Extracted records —
* * * * *
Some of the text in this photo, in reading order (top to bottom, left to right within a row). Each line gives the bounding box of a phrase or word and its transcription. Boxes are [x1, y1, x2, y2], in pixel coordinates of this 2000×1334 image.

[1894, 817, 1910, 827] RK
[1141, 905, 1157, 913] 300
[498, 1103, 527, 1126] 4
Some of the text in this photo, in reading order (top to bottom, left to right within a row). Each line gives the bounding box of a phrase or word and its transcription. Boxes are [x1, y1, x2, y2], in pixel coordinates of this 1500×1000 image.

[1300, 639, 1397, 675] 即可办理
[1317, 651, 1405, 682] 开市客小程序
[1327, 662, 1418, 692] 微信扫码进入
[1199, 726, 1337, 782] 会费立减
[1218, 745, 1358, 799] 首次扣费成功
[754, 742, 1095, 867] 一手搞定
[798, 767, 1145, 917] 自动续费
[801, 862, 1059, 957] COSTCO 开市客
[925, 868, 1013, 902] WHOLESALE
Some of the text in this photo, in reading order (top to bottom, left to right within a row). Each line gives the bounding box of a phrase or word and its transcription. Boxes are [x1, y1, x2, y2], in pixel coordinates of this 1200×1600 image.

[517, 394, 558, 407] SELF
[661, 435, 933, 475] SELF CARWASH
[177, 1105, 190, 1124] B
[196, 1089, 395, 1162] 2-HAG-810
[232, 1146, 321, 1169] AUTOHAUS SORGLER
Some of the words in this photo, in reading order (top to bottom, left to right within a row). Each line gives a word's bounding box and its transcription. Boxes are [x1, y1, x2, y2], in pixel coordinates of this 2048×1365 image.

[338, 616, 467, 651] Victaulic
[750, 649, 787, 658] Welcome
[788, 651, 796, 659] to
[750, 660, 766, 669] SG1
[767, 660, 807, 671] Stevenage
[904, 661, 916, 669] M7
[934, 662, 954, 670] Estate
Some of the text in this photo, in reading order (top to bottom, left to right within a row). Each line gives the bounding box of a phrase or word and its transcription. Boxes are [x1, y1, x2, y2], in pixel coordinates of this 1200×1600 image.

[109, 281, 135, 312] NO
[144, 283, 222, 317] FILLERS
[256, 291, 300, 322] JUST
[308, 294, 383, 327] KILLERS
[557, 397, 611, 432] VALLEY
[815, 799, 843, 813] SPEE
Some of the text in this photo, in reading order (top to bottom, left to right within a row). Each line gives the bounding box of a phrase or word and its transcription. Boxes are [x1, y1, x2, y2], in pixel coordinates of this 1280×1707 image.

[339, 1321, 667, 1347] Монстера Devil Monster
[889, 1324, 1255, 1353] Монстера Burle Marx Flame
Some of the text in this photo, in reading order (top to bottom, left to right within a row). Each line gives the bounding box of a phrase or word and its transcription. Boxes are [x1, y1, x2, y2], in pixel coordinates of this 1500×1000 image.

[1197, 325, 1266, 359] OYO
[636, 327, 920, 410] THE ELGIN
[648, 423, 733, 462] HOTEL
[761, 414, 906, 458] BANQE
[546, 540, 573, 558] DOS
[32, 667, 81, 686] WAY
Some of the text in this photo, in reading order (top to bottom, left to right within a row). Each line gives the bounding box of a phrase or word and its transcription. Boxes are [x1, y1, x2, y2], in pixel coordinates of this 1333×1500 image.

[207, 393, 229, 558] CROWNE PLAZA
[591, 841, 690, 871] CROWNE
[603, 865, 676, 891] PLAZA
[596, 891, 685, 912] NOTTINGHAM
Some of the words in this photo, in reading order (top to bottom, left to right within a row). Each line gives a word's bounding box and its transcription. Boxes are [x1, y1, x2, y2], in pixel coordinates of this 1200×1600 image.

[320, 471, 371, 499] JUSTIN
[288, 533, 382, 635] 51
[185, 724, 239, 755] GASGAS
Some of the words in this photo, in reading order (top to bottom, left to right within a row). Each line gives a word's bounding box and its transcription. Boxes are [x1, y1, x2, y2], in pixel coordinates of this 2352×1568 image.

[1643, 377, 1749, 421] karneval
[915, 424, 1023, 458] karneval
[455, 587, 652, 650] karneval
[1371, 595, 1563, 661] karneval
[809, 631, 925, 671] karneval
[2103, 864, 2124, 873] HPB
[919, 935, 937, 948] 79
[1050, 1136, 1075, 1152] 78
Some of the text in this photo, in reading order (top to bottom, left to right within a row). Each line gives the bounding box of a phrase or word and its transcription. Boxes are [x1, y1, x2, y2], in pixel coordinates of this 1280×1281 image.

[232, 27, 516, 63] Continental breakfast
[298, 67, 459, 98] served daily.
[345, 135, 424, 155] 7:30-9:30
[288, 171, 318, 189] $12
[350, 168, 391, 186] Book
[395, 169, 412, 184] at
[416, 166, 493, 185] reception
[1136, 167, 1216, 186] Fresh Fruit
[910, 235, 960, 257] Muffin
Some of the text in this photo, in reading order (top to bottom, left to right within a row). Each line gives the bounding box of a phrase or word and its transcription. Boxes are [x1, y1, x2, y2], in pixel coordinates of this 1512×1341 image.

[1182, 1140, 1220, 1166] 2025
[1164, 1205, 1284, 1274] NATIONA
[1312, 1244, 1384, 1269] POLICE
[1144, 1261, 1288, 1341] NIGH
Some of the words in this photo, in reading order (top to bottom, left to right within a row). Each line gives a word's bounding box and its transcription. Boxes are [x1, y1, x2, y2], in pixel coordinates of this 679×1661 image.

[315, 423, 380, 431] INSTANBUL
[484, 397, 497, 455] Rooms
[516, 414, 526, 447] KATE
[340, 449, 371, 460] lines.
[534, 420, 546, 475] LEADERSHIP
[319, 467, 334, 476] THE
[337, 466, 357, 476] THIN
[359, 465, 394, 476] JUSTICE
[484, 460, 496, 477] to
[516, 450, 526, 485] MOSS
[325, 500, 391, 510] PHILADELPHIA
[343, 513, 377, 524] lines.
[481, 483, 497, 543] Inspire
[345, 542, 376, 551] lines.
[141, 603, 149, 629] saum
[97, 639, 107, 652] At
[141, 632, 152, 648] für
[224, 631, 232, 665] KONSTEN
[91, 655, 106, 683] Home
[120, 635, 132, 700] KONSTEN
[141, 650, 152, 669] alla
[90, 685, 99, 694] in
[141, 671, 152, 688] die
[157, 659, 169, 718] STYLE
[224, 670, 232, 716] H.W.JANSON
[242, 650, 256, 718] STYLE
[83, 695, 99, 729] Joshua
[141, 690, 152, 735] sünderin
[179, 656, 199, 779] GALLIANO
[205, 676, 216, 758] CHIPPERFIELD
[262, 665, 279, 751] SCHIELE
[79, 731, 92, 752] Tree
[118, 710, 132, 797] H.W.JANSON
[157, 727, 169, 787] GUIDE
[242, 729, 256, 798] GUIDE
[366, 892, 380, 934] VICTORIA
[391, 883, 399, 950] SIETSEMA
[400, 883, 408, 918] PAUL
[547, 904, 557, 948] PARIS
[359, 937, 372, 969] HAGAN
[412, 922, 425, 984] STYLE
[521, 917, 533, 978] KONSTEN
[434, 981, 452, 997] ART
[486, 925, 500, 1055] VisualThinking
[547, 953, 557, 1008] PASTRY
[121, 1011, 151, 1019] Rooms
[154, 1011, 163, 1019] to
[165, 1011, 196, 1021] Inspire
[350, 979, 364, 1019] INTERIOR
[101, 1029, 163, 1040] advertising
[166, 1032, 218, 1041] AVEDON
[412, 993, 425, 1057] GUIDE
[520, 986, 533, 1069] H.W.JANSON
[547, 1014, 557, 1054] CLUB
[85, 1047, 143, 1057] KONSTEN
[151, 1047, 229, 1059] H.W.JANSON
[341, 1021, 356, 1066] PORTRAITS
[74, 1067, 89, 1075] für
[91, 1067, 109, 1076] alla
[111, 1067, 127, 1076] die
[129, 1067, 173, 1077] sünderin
* * * * *
Task item — Every record must be returned exactly.

Exercise response —
Some of the text in this photo, in reading order (top to bottom, left to right within a row). Each line gives the bounding box of a phrase or word and its transcription. Boxes are [x1, y1, x2, y2], in pixel coordinates of this 2000×1334 image.

[1894, 817, 1910, 827] RK
[1141, 905, 1157, 913] 300
[498, 1103, 527, 1126] 4
Some of the text in this photo, in reading order (top to bottom, left to right within a row). Each line gives the bounding box of a phrase or word and its transcription. Boxes are [x1, y1, x2, y2], in pixel coordinates of this 1500×1000 image.

[1300, 639, 1397, 675] 即可办理
[1317, 651, 1405, 682] 开市客小程序
[1327, 662, 1418, 692] 微信扫码进入
[1199, 726, 1337, 782] 会费立减
[1218, 745, 1358, 799] 首次扣费成功
[754, 742, 1095, 867] 一手搞定
[798, 767, 1145, 917] 自动续费
[801, 862, 1059, 957] COSTCO 开市客
[925, 868, 1013, 902] WHOLESALE
Some of the text in this photo, in reading order (top to bottom, left to right within a row). Each line gives the bounding box of a phrase or word and its transcription. Boxes are [x1, y1, x2, y2], in pixel coordinates of this 1200×1600 image.

[517, 394, 558, 407] SELF
[661, 435, 933, 475] SELF CARWASH
[177, 1105, 190, 1124] B
[196, 1089, 395, 1162] 2-HAG-810
[232, 1146, 321, 1169] AUTOHAUS SORGLER
Some of the words in this photo, in reading order (top to bottom, left to right within a row). Each line gives a word's bounding box and its transcription. Boxes are [x1, y1, x2, y2], in pixel coordinates of this 2048×1365 image.

[338, 616, 467, 651] Victaulic
[750, 649, 787, 658] Welcome
[788, 651, 796, 659] to
[750, 660, 766, 669] SG1
[767, 660, 807, 671] Stevenage
[904, 661, 916, 669] M7
[934, 662, 954, 670] Estate
Some of the text in this photo, in reading order (top to bottom, left to right within a row). Each line gives the bounding box of a phrase or word and its transcription. Boxes are [x1, y1, x2, y2], in pixel coordinates of this 1200×1600 image.

[109, 281, 135, 312] NO
[144, 283, 222, 317] FILLERS
[256, 291, 300, 322] JUST
[308, 294, 383, 327] KILLERS
[557, 397, 611, 432] VALLEY
[815, 799, 843, 813] SPEE
Some of the text in this photo, in reading order (top to bottom, left to right within a row). Each line gives the bounding box of a phrase or word and its transcription. Boxes are [x1, y1, x2, y2], in pixel coordinates of this 1280×1707 image.

[339, 1321, 667, 1347] Монстера Devil Monster
[889, 1324, 1255, 1353] Монстера Burle Marx Flame
Some of the text in this photo, in reading order (top to bottom, left to right within a row). Each line gives the bounding box of a phrase or word and its transcription. Boxes are [x1, y1, x2, y2], in pixel coordinates of this 1500×1000 image.

[1197, 325, 1266, 359] OYO
[636, 327, 920, 410] THE ELGIN
[648, 423, 733, 462] HOTEL
[761, 414, 906, 458] BANQE
[546, 540, 573, 558] DOS
[32, 667, 81, 686] WAY
Some of the text in this photo, in reading order (top to bottom, left to right within a row). Each line gives the bounding box of a phrase or word and its transcription. Boxes are [x1, y1, x2, y2], in pixel coordinates of this 1333×1500 image.

[207, 393, 229, 558] CROWNE PLAZA
[591, 841, 690, 871] CROWNE
[603, 865, 676, 891] PLAZA
[596, 891, 685, 912] NOTTINGHAM
Some of the words in this photo, in reading order (top to bottom, left to right within a row). Each line gives a word's bounding box and its transcription. Boxes are [x1, y1, x2, y2], in pixel coordinates of this 1200×1600 image.

[320, 471, 371, 499] JUSTIN
[288, 533, 382, 635] 51
[185, 724, 239, 755] GASGAS
Some of the words in this photo, in reading order (top to bottom, left to right within a row). Each line gives a word's bounding box and its transcription. Boxes are [x1, y1, x2, y2], in pixel coordinates of this 2352×1568 image.

[1643, 377, 1749, 421] karneval
[915, 424, 1023, 458] karneval
[455, 587, 652, 650] karneval
[1371, 595, 1563, 661] karneval
[809, 631, 925, 671] karneval
[2103, 864, 2124, 873] HPB
[919, 935, 937, 948] 79
[1050, 1136, 1075, 1152] 78
Some of the text in this photo, in reading order (top to bottom, left to right within a row). Each line gives the bounding box of a phrase or word and its transcription. Boxes are [x1, y1, x2, y2], in pixel coordinates of this 1280×1281 image.

[232, 27, 516, 63] Continental breakfast
[298, 67, 459, 98] served daily.
[345, 135, 424, 155] 7:30-9:30
[288, 171, 318, 189] $12
[350, 168, 391, 186] Book
[395, 169, 412, 184] at
[416, 166, 493, 185] reception
[1136, 167, 1216, 186] Fresh Fruit
[910, 235, 960, 257] Muffin
Some of the text in this photo, in reading order (top to bottom, left to right within a row). Each line gives the bounding box of a phrase or word and its transcription. Boxes are [x1, y1, x2, y2], in pixel coordinates of this 1512×1341 image.

[1182, 1140, 1220, 1166] 2025
[1164, 1205, 1284, 1274] NATIONA
[1312, 1244, 1384, 1269] POLICE
[1144, 1261, 1288, 1341] NIGH
Some of the words in this photo, in reading order (top to bottom, left to right within a row). Each line gives a word's bounding box and its transcription. Boxes are [x1, y1, x2, y2], in pixel coordinates of this 679×1661 image.

[315, 423, 380, 431] INSTANBUL
[484, 397, 497, 455] Rooms
[516, 414, 526, 447] KATE
[340, 449, 371, 460] lines.
[534, 420, 546, 475] LEADERSHIP
[319, 467, 334, 476] THE
[337, 466, 357, 476] THIN
[359, 465, 394, 476] JUSTICE
[484, 460, 496, 477] to
[516, 450, 526, 485] MOSS
[325, 500, 391, 510] PHILADELPHIA
[343, 513, 377, 524] lines.
[481, 483, 497, 543] Inspire
[345, 542, 376, 551] lines.
[141, 603, 149, 629] saum
[97, 639, 107, 652] At
[141, 632, 152, 648] für
[224, 631, 232, 665] KONSTEN
[91, 655, 106, 683] Home
[120, 635, 132, 700] KONSTEN
[141, 650, 152, 669] alla
[90, 685, 99, 694] in
[141, 671, 152, 688] die
[157, 659, 169, 718] STYLE
[224, 670, 232, 716] H.W.JANSON
[242, 650, 256, 718] STYLE
[83, 695, 99, 729] Joshua
[141, 690, 152, 735] sünderin
[179, 656, 199, 779] GALLIANO
[205, 676, 216, 758] CHIPPERFIELD
[262, 665, 279, 751] SCHIELE
[79, 731, 92, 752] Tree
[118, 710, 132, 797] H.W.JANSON
[157, 727, 169, 787] GUIDE
[242, 729, 256, 798] GUIDE
[366, 892, 380, 934] VICTORIA
[391, 883, 399, 950] SIETSEMA
[400, 883, 408, 918] PAUL
[547, 904, 557, 948] PARIS
[359, 937, 372, 969] HAGAN
[412, 922, 425, 984] STYLE
[521, 917, 533, 978] KONSTEN
[434, 981, 452, 997] ART
[486, 925, 500, 1055] VisualThinking
[547, 953, 557, 1008] PASTRY
[121, 1011, 151, 1019] Rooms
[154, 1011, 163, 1019] to
[165, 1011, 196, 1021] Inspire
[350, 979, 364, 1019] INTERIOR
[101, 1029, 163, 1040] advertising
[166, 1032, 218, 1041] AVEDON
[412, 993, 425, 1057] GUIDE
[520, 986, 533, 1069] H.W.JANSON
[547, 1014, 557, 1054] CLUB
[85, 1047, 143, 1057] KONSTEN
[151, 1047, 229, 1059] H.W.JANSON
[341, 1021, 356, 1066] PORTRAITS
[74, 1067, 89, 1075] für
[91, 1067, 109, 1076] alla
[111, 1067, 127, 1076] die
[129, 1067, 173, 1077] sünderin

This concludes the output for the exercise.